Jill taps a snappy rhythm on the drum.
“Christians think of the Divine as a Trinity—three aspects but of one Source. One of these is the Spirit or Holy Spirit,” Jan began. “As with all words used of God, the term Spirit is an analogy. How did we explain analogy?”
“When one word or thing is similar to another,” Mike answered. “The two resemble each other some way.”
“Wisdom and Sophia are other names used for the same Spirit,” Franco said.
“You, Jan, described the Christian’s concept of Spirit through a number of images—blowing wind, flowing water, and burning fire,” said Sid.
“I like ideas of the Spirit as a guide in the fog or relief for pain,” added Jill.
“The image that hangs there with me,” said Mike, “is ‘herself the melody, she plays music in the soul.’”
“Remember,” Jan asked, “the writer who suggested some of those images?”
“Elizabeth somebody,” Franco offered.
“Right, Elizabeth Johnson,” Jan added. “A fine Catholic and good writer.”
“I liked how we each acted out something of the Spirit’s activity when we talked about her,” said Jill. “Mike adapted to limits. He wrote a note to Sophia about his feelings when he couldn’t go swimming with us.”
“I acted as if I made friends with a stranger,” Tess recalled.
“Did different images clash with each other?” Jan asked.
“I remember feeling more alone because of my Catholic emphasis on Wisdom,” Franco said.
“That talk about Wisdom was totally new to me,” said Joe. “To think of the Spirit as from the beginning, when things were first created, disturbed me.

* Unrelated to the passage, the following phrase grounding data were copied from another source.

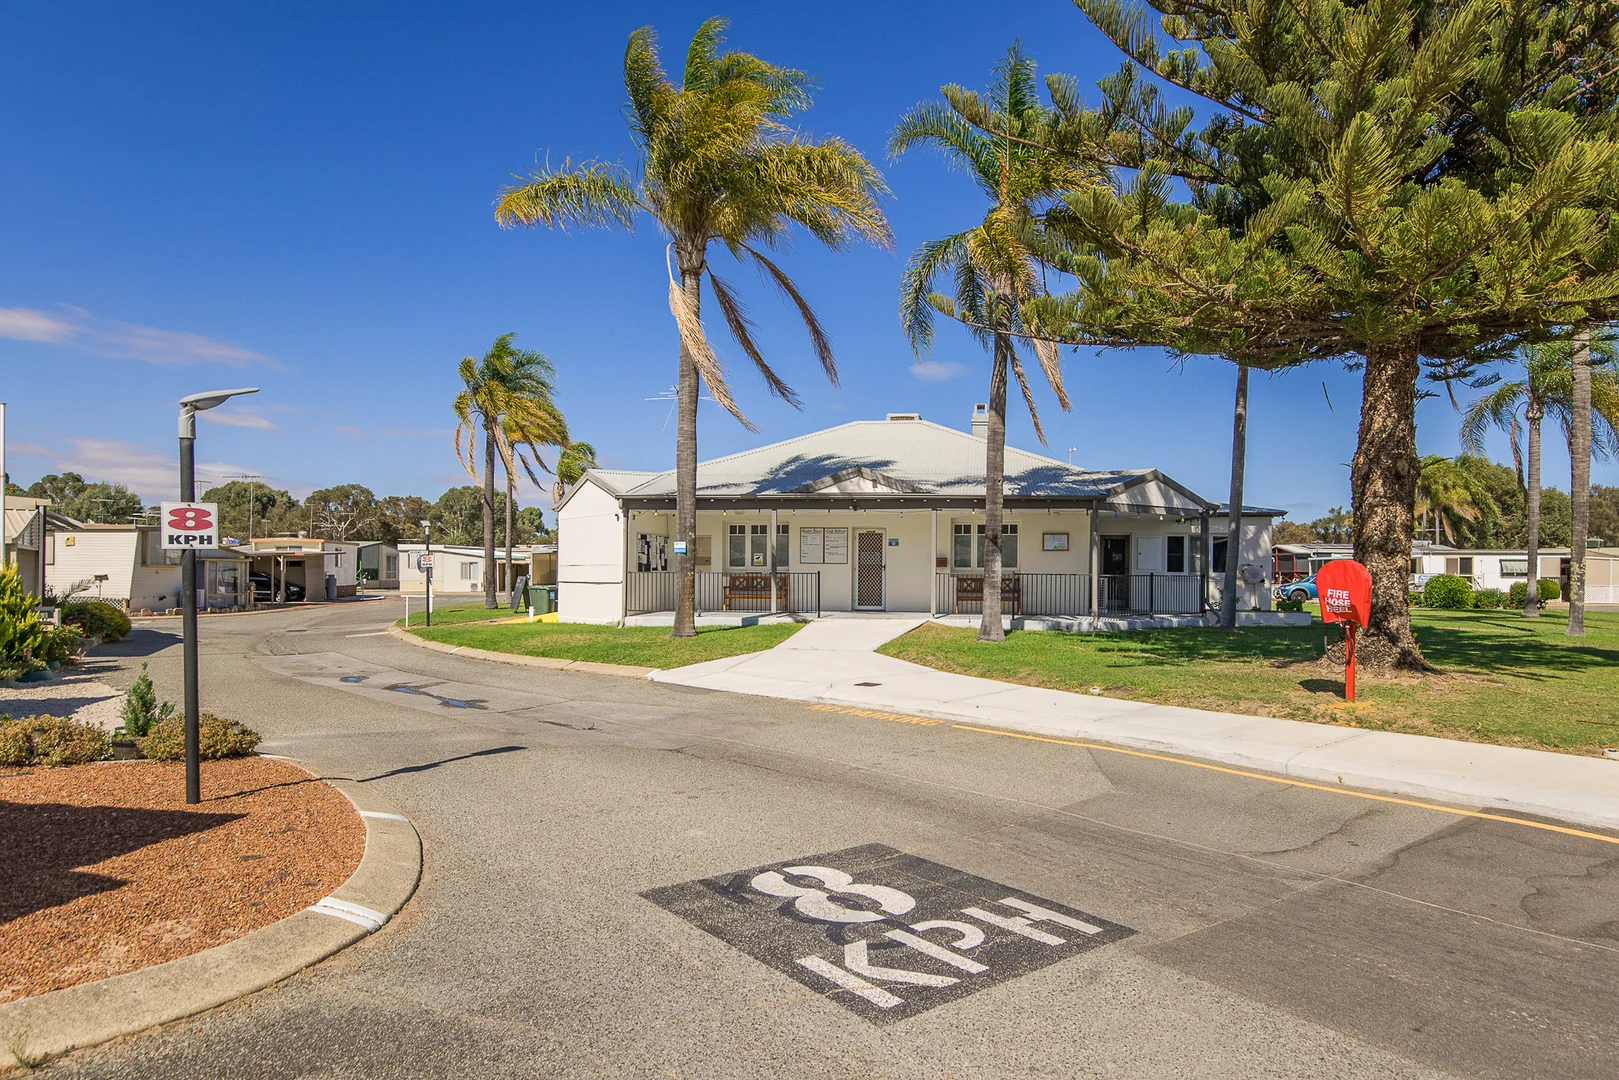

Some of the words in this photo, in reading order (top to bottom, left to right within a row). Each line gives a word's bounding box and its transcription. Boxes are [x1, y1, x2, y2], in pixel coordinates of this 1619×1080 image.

[168, 507, 213, 531] 8
[168, 535, 213, 545] KPH
[1324, 597, 1351, 607] HOSE
[1327, 588, 1349, 599] FIRE
[751, 865, 916, 922] 8
[795, 897, 1104, 1009] KPH
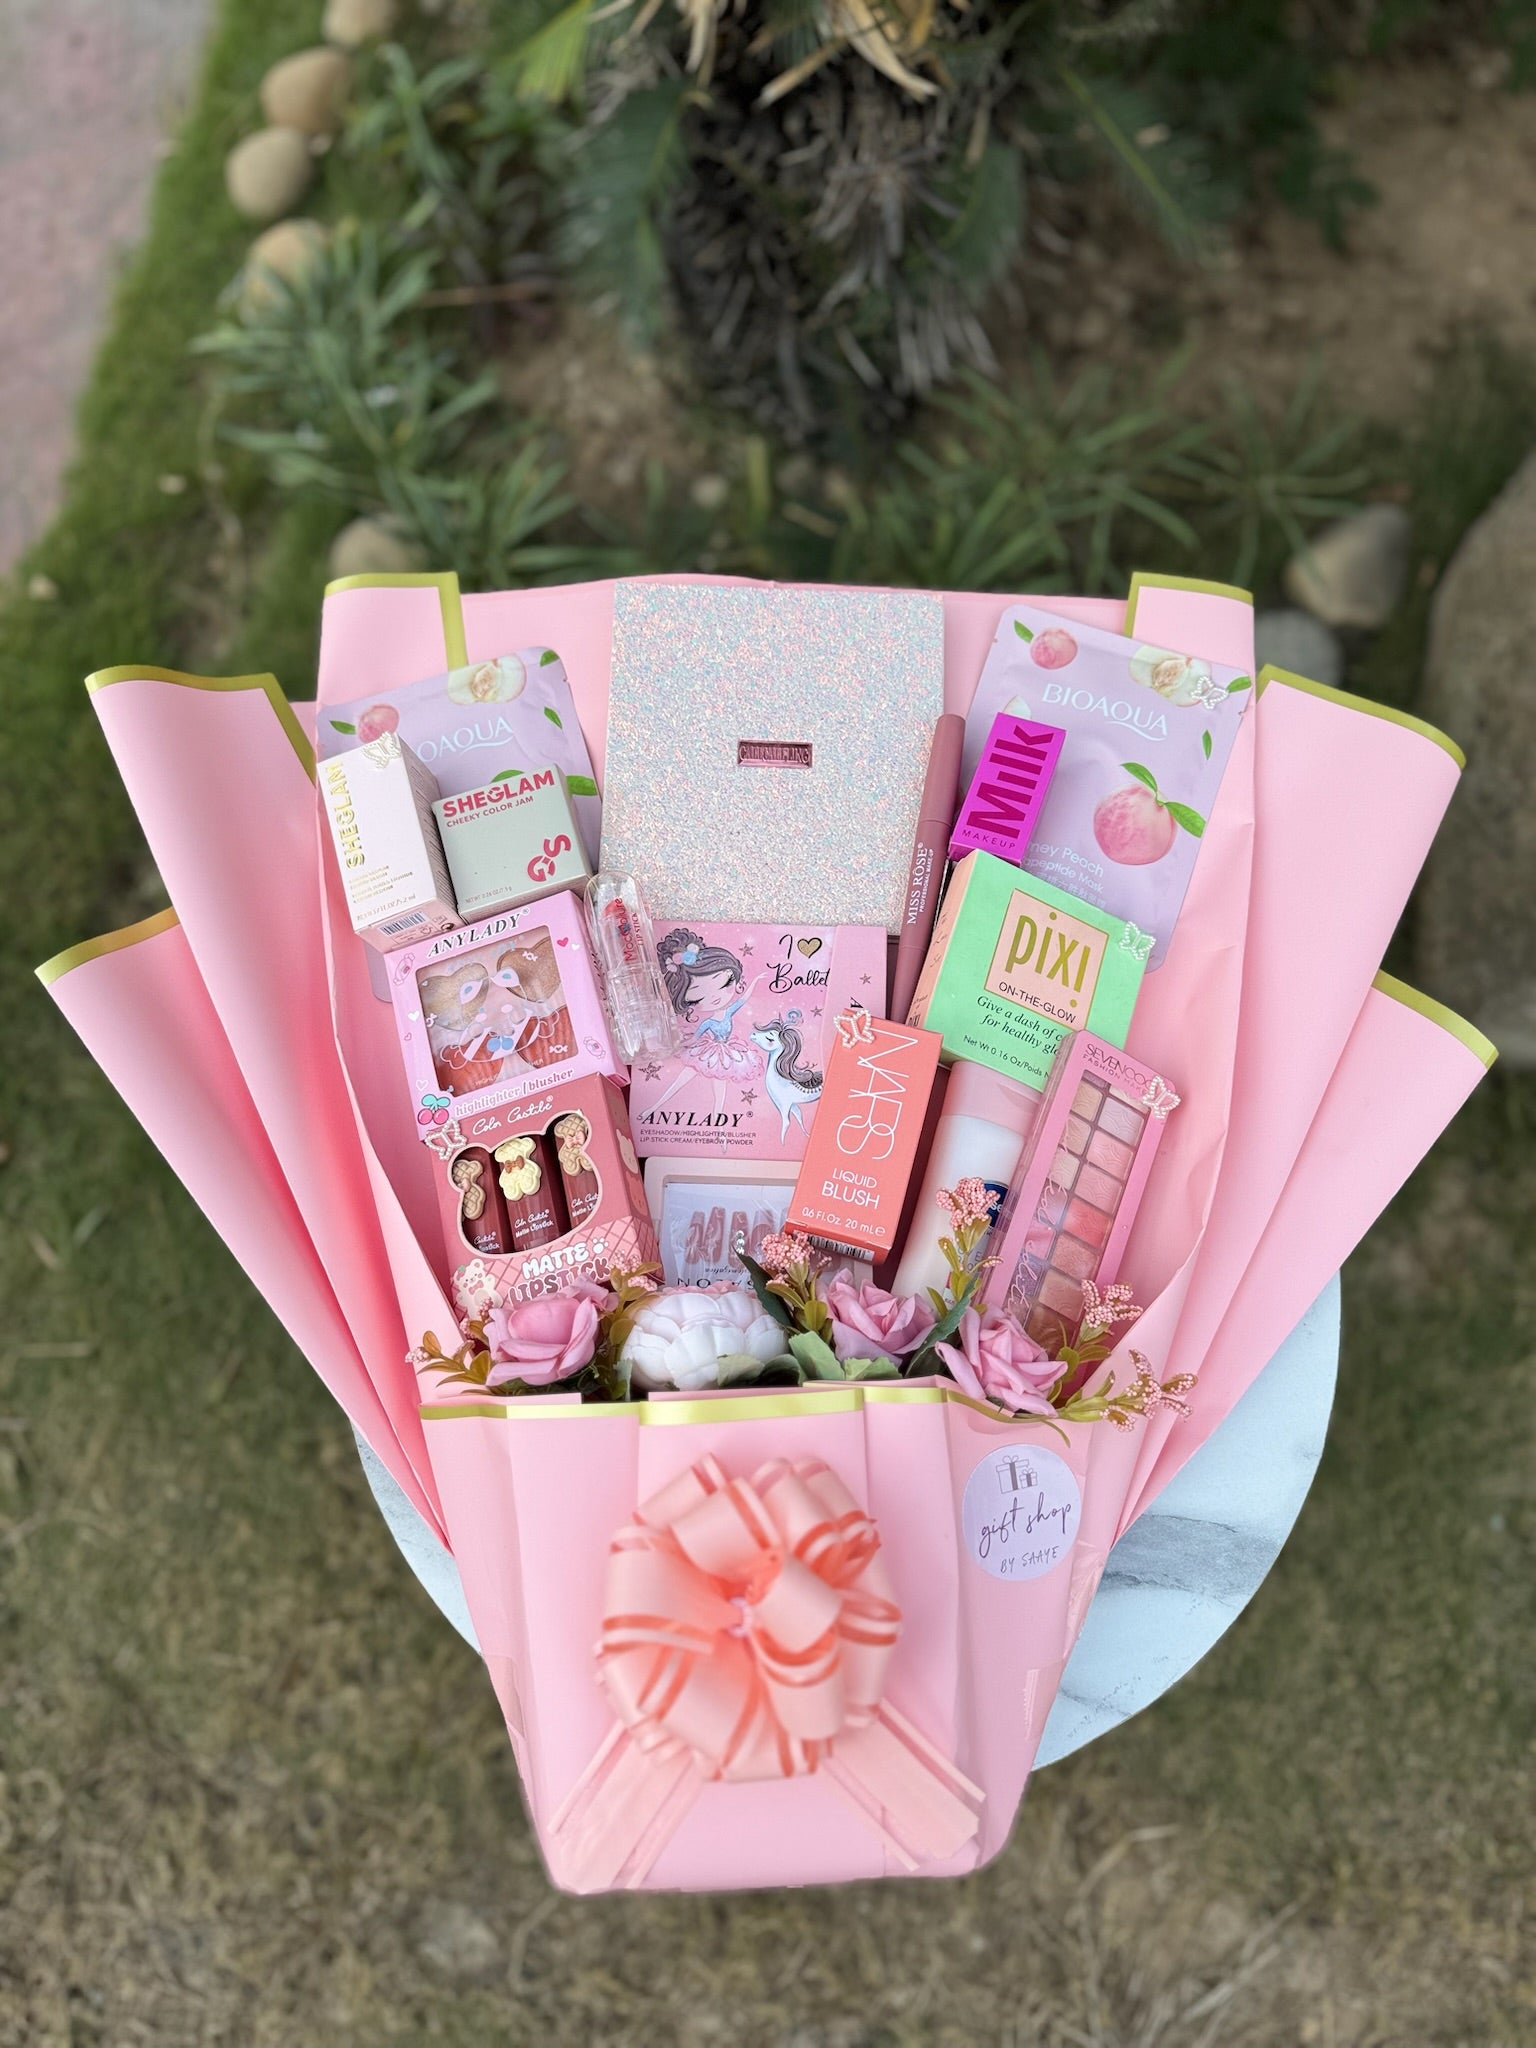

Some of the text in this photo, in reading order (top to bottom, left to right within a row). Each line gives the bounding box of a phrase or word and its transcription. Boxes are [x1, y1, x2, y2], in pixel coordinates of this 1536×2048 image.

[1041, 683, 1168, 737] BIOAQUA
[415, 716, 514, 762] OAQUA
[443, 770, 555, 818] SHEGLAM
[966, 724, 1054, 839] Milk
[325, 760, 365, 869] SHEGLAM
[446, 795, 534, 828] CHEEKY COLOR JAM
[961, 829, 1017, 850] MAKEUP
[1031, 843, 1104, 878] ney Peach
[1079, 872, 1104, 894] Mask
[907, 890, 920, 925] MISS
[427, 913, 522, 958] ANYLADY
[766, 962, 831, 993] Ballet
[977, 995, 1003, 1014] Give
[1004, 1010, 1013, 1019] a
[1014, 1013, 1041, 1032] dash
[1042, 1028, 1057, 1039] of
[998, 981, 1077, 1024] ON-THE-GLOW
[979, 1014, 1001, 1027] for
[1002, 1022, 1042, 1049] healthy
[1042, 1043, 1060, 1055] glo
[963, 1034, 978, 1046] Net
[979, 1041, 990, 1051] Wt
[990, 1047, 1008, 1060] 0.16
[1010, 1056, 1042, 1076] Oz/Poids
[1083, 1054, 1121, 1079] FASHION
[455, 1086, 521, 1117] highlighter
[528, 1068, 574, 1091] blusher
[836, 1027, 919, 1160] NARS
[641, 1111, 743, 1127] ANYLADY
[726, 1138, 754, 1146] POWDER
[821, 1180, 880, 1210] BLUSH
[832, 1167, 877, 1189] LIQUID
[845, 1218, 858, 1229] 20
[522, 1242, 590, 1280] MATTE
[978, 1491, 1072, 1559] gift shop
[1000, 1545, 1060, 1574] BY SAAYE
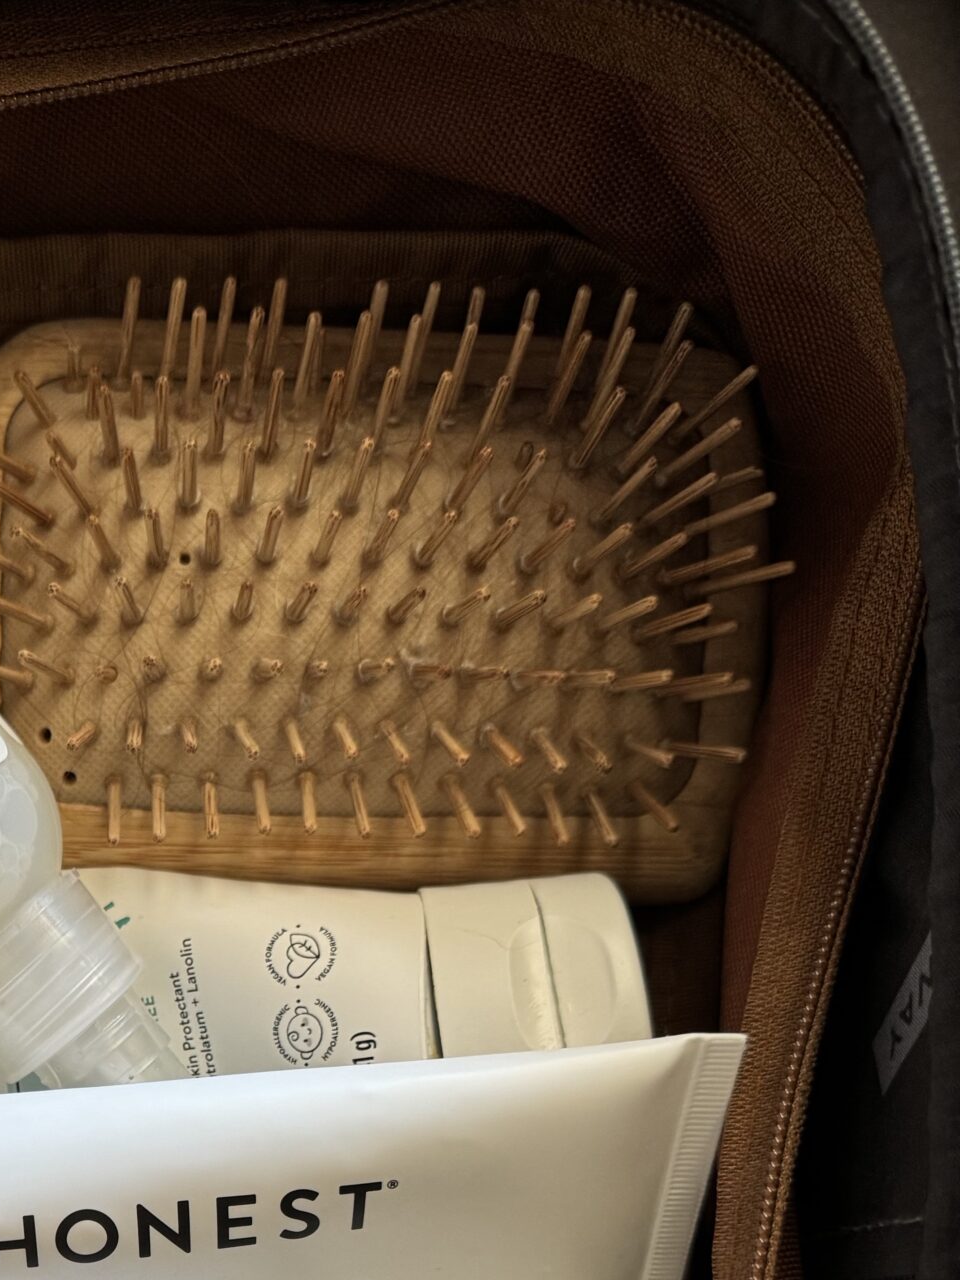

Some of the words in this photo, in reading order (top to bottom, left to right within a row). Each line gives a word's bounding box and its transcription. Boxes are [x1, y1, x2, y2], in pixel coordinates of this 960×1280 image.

[265, 928, 287, 959] FORMULA
[319, 926, 338, 957] FORMULA
[180, 938, 198, 993] Lanolin
[265, 957, 287, 986] VEGAN
[315, 957, 336, 982] VEGAN
[169, 971, 195, 1051] Protectant
[314, 998, 339, 1062] HYPOALLERGENIC
[195, 1011, 216, 1076] trolatum
[272, 1003, 298, 1065] HYPOALLERGENIC
[186, 1055, 200, 1078] kin
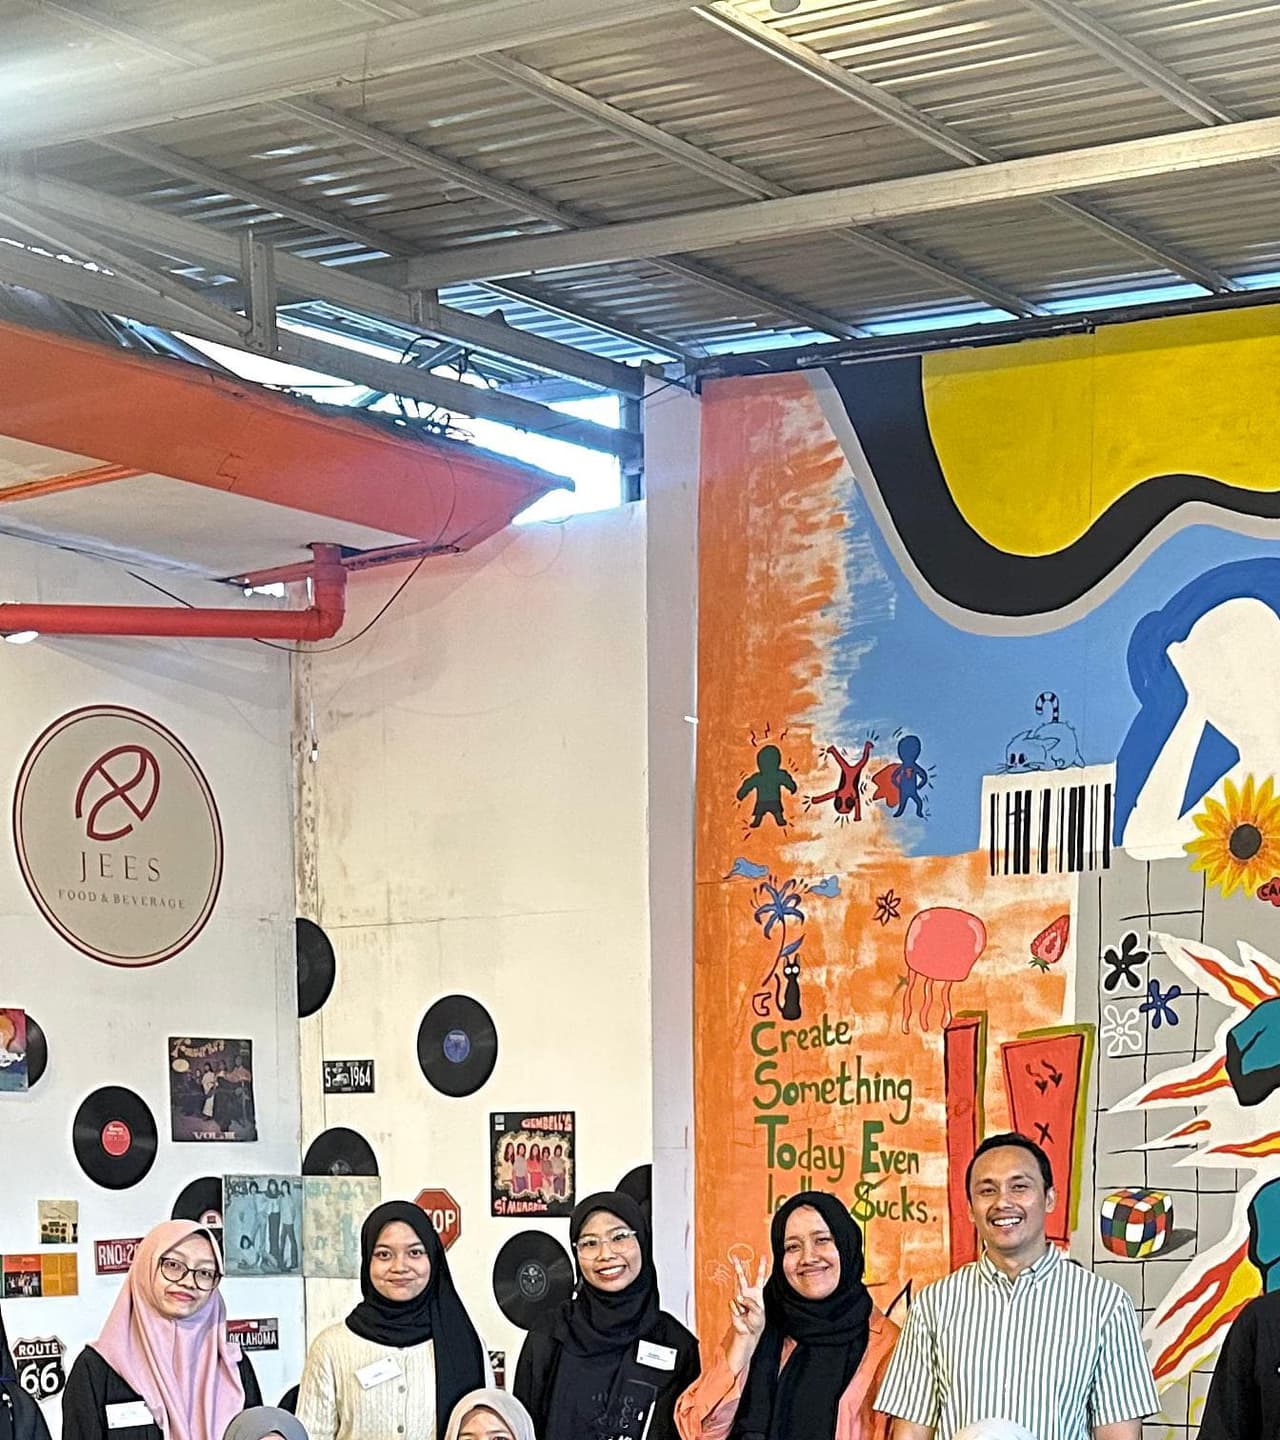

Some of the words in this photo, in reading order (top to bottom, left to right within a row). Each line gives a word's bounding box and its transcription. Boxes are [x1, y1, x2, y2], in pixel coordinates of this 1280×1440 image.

I always thought the Spirit first appeared when the church started, in Acts.”
“Did we give you, Franco and Joe, space to hold your views?” Jan asked.
“I don’t plan to change my mind,” Franco said. “Why doubt the proverb that Wisdom was present ‘when the foundation of the earth took shape?’”
“What bothers me,” said Joe, “is that you refer to the Spirit as she—‘She is precious; she is radiant.’ I know God and the Trinity through ‘he’ language.”
“Look for yourself in the Bible’s Book of Wisdom,” said Franco. “Wisdom guided them and became a shelter; she led them through the Red Sea.”
“My Bible doesn’t have a Book of Wisdom,” Joe said. “I can’t trust your Catholic additions.”
“Additions! Books like Wisdom of Solomon have always been there. You Protestants took them out,” Franco retorted. “Wisdom is radiant. Sophia is part of the True God. She is found by those who seek her.”
“Sophia! You find her because you want to. So, if I don’t want to find her, what’s wrong with that?” asked Joe.
“Jan, these two argued like this for ten minutes one night, after the lights were off. I couldn’t stop them; neither would change,” added Mike.
“Why should I change?” asked Joe.
“Might either of you change your attitude?” asked Angie from the corner. “Arguments and misunderstanding often grow around stubborn attitudes.”
“Good point, Ang,” said Jan as she signaled to Jill. As the taps accelerate, the Different Drummers know that the subject will change too.